• **DATA TO USE**
►

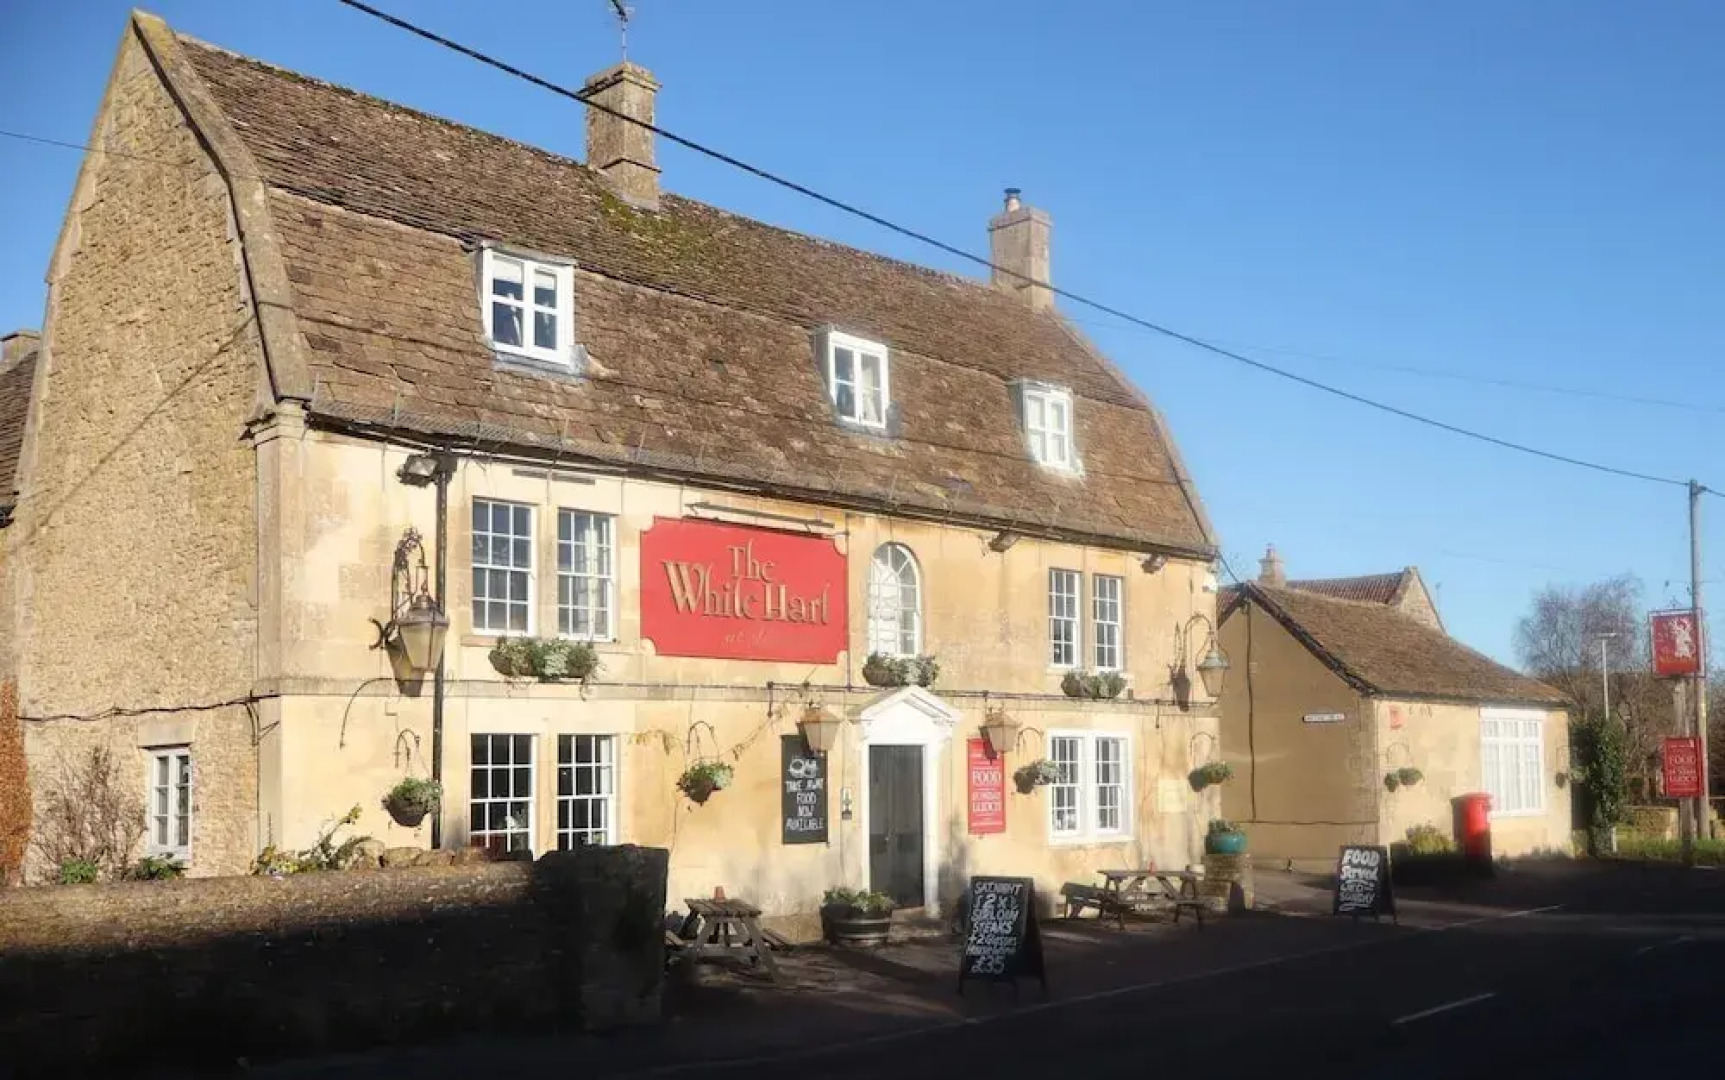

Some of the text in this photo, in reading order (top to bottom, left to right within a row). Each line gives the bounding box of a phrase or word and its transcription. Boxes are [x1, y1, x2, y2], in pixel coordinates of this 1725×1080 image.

[729, 538, 775, 582] The
[662, 560, 831, 625] White Hart
[972, 769, 1001, 785] FOOD
[796, 791, 817, 804] FOOD
[1342, 849, 1380, 867] FOOD
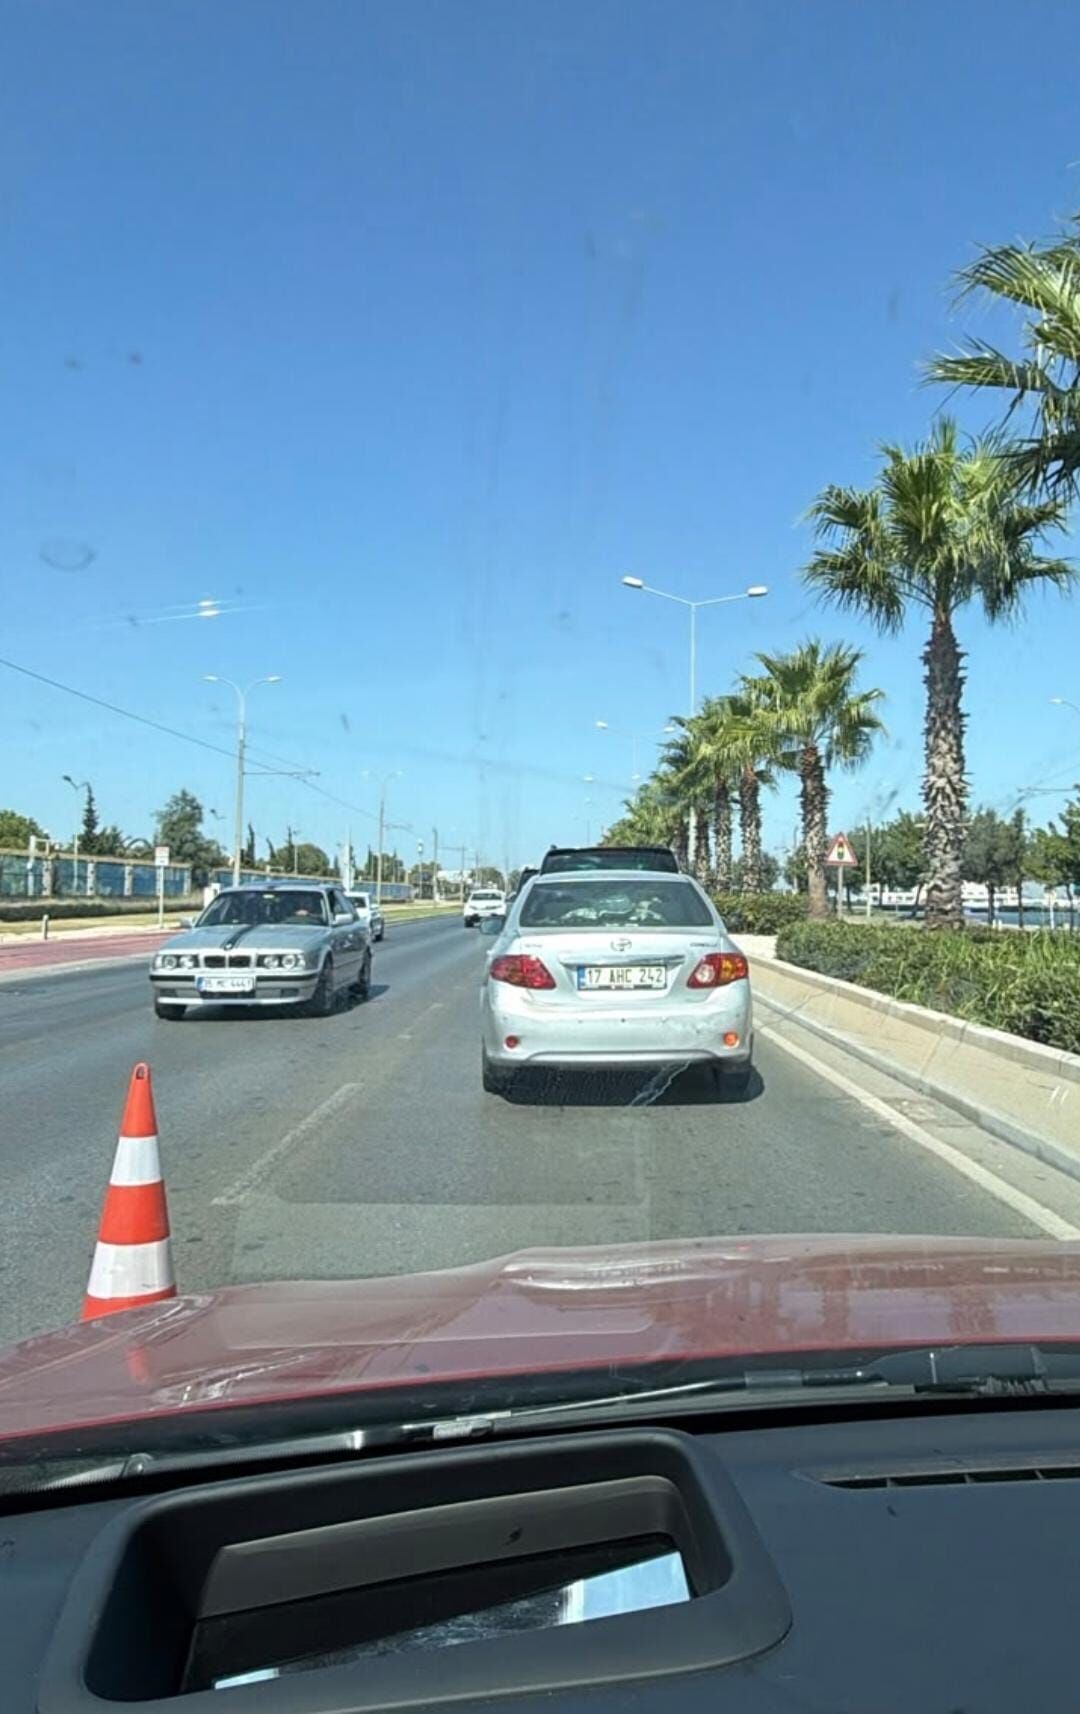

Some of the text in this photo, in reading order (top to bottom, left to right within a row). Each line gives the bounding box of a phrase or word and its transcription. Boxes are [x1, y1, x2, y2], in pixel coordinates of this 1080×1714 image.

[588, 968, 663, 983] 17 AHC 242
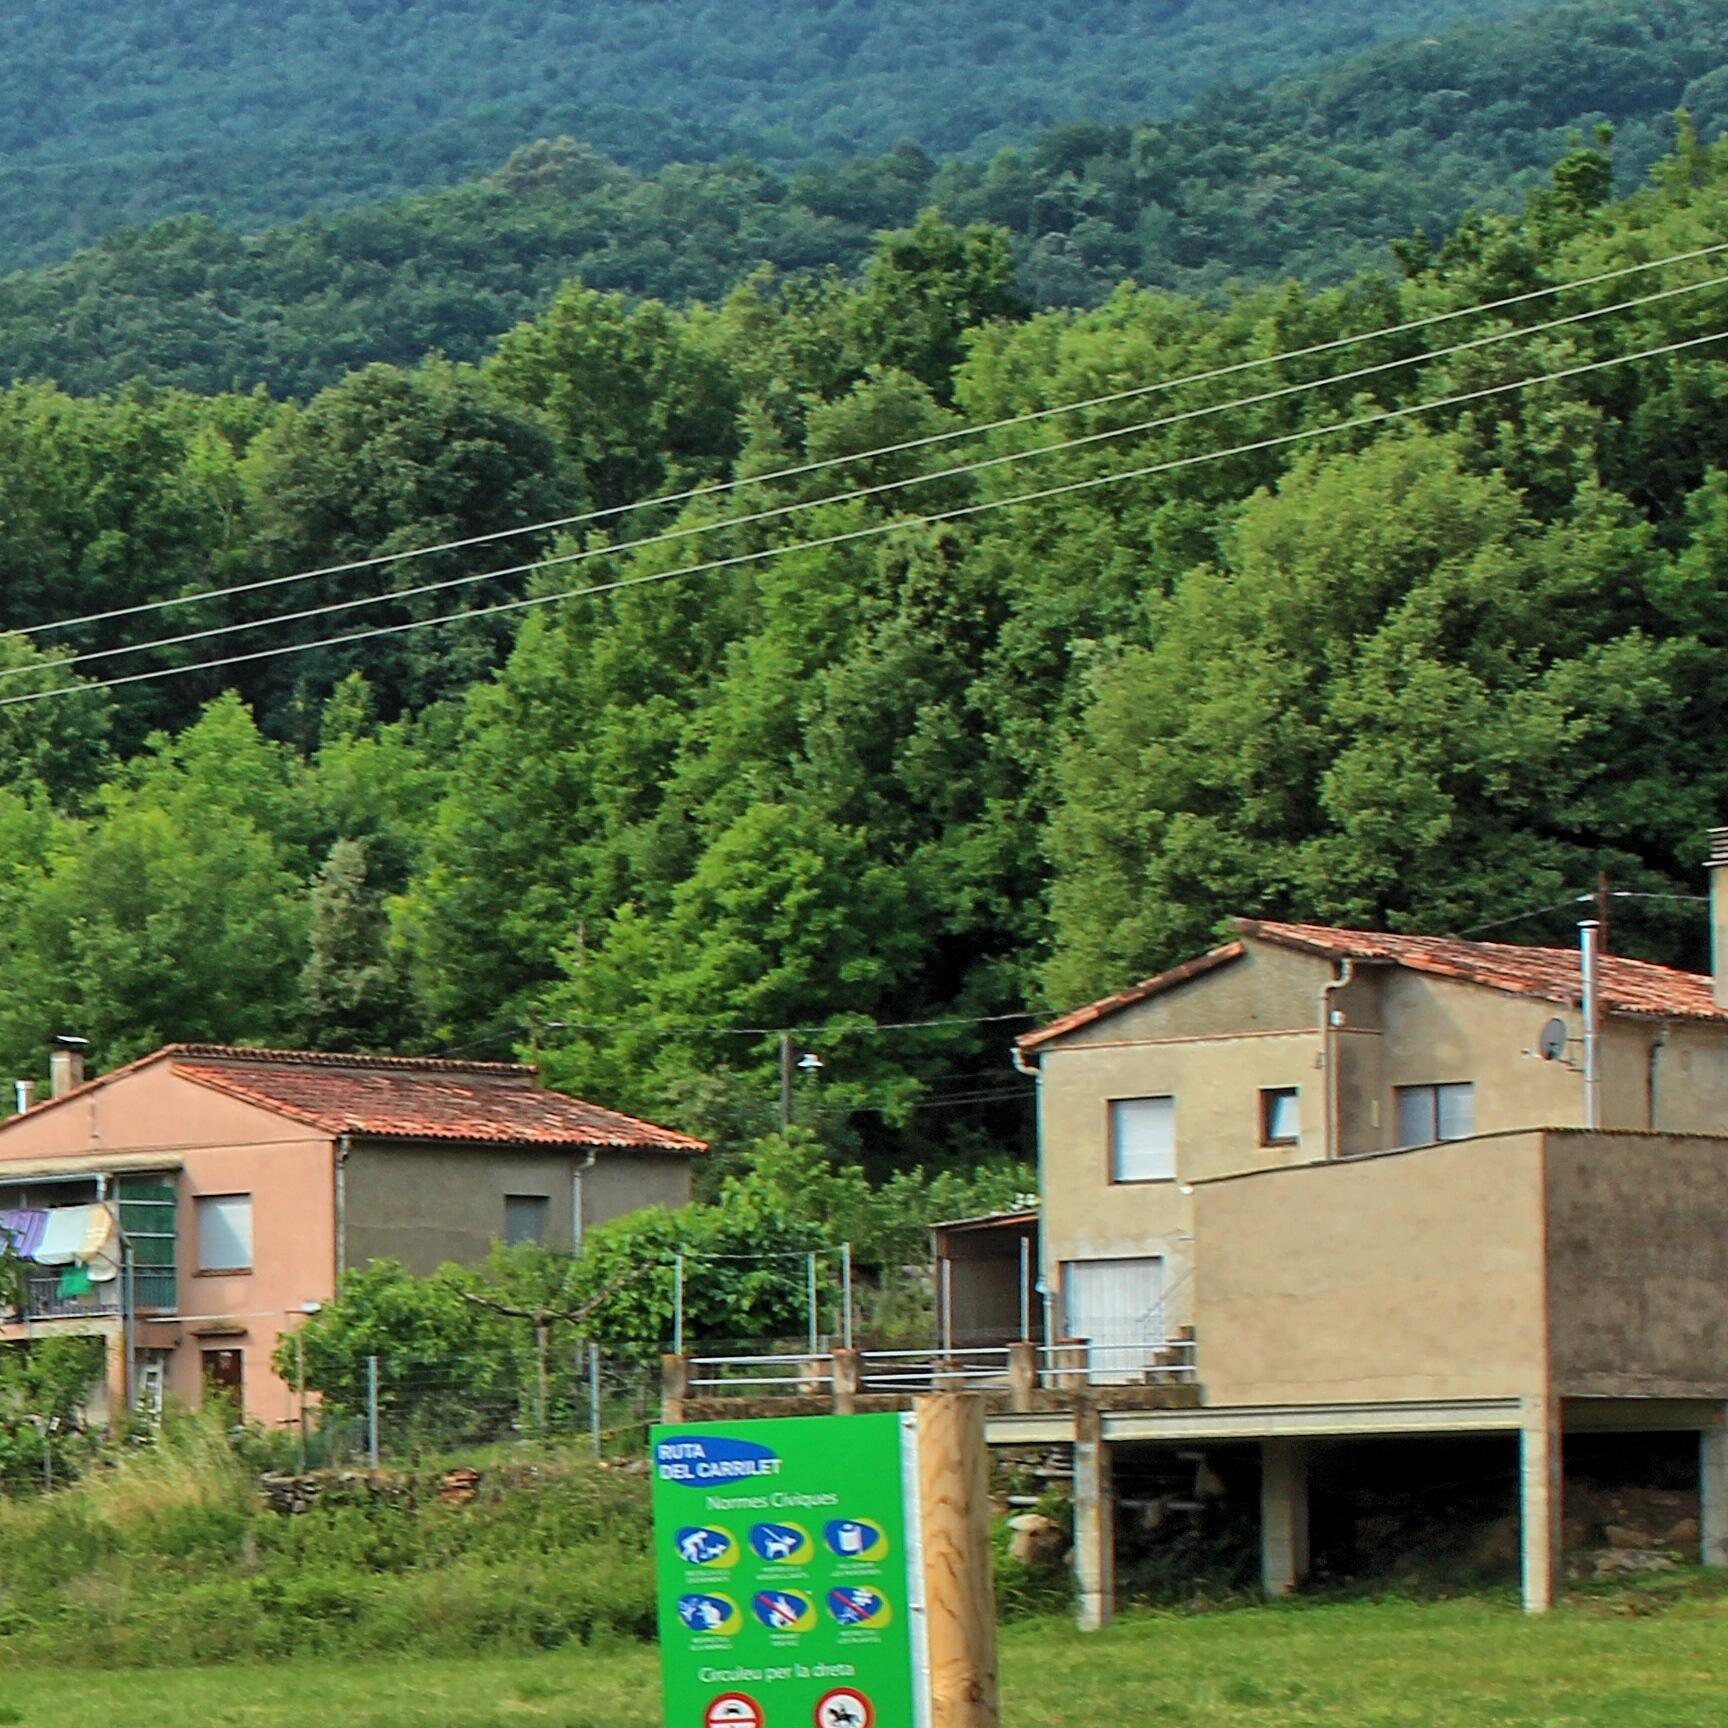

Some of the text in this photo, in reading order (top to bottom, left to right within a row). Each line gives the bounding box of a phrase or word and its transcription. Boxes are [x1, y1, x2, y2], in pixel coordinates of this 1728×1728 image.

[658, 1443, 706, 1459] RUTA
[659, 1459, 783, 1479] DEL CARRILET
[705, 1496, 768, 1510] Normes
[698, 1662, 855, 1682] Circuleu per la dreta
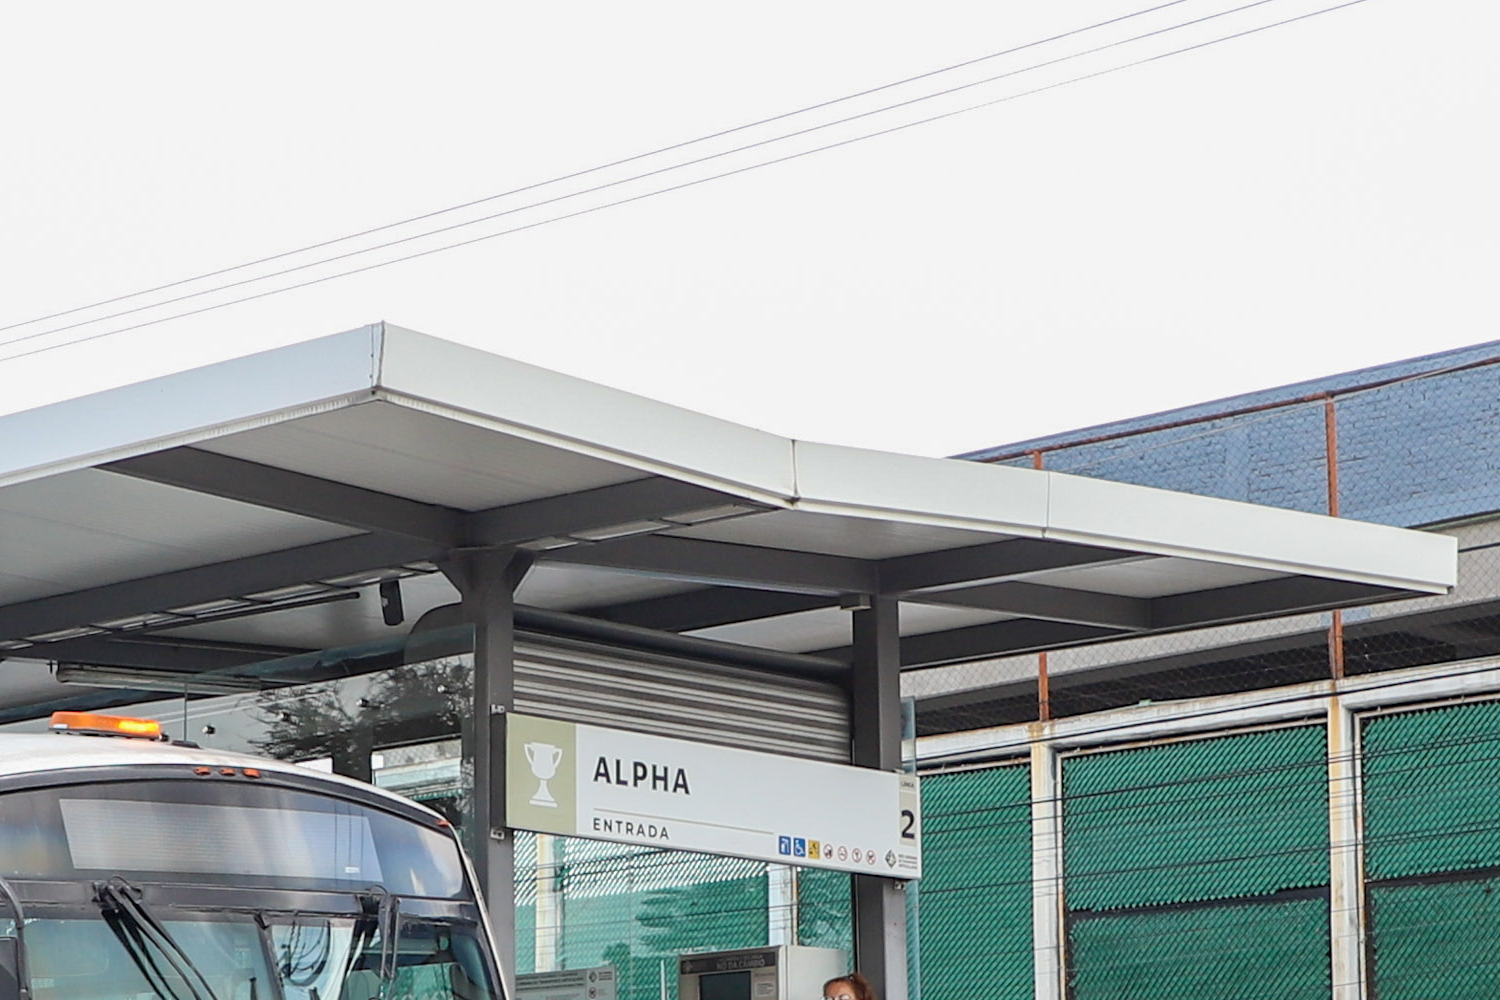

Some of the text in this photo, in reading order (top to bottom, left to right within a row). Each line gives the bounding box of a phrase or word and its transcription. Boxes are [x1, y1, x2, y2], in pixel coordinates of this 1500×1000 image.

[593, 756, 690, 795] ALPHA
[592, 817, 670, 840] ENTRADA
[901, 809, 915, 839] 2

◄

• **REQUIRED ACTION**
The answer should be an exact copy of the material, with its pictures removed.

• **OUTPUT OF THE EXERCISE**
Some of the text in this photo, in reading order (top to bottom, left to right within a row). Each line gives the bounding box of a phrase or word and its transcription. Boxes are [x1, y1, x2, y2], in pixel coordinates of this 1725×1080 image.

[729, 538, 775, 582] The
[662, 560, 831, 625] White Hart
[972, 769, 1001, 785] FOOD
[796, 791, 817, 804] FOOD
[1342, 849, 1380, 867] FOOD

Some of the text in this photo, in reading order (top to bottom, left to right within a row). Each line gives the bounding box of a phrase or word and its transcription. Boxes are [x1, y1, x2, y2], in pixel coordinates of this 1080×1714 image.

[588, 968, 663, 983] 17 AHC 242

Some of the text in this photo, in reading order (top to bottom, left to right within a row). Each line gives the bounding box of a phrase or word and its transcription. Boxes are [x1, y1, x2, y2], in pixel coordinates of this 1728×1728 image.

[658, 1443, 706, 1459] RUTA
[659, 1459, 783, 1479] DEL CARRILET
[705, 1496, 768, 1510] Normes
[698, 1662, 855, 1682] Circuleu per la dreta

Some of the text in this photo, in reading order (top to bottom, left to right within a row). Each line gives the bounding box of a phrase or word and its transcription. Boxes are [x1, y1, x2, y2], in pixel coordinates of this 1500×1000 image.

[593, 756, 690, 795] ALPHA
[592, 817, 670, 840] ENTRADA
[901, 809, 915, 839] 2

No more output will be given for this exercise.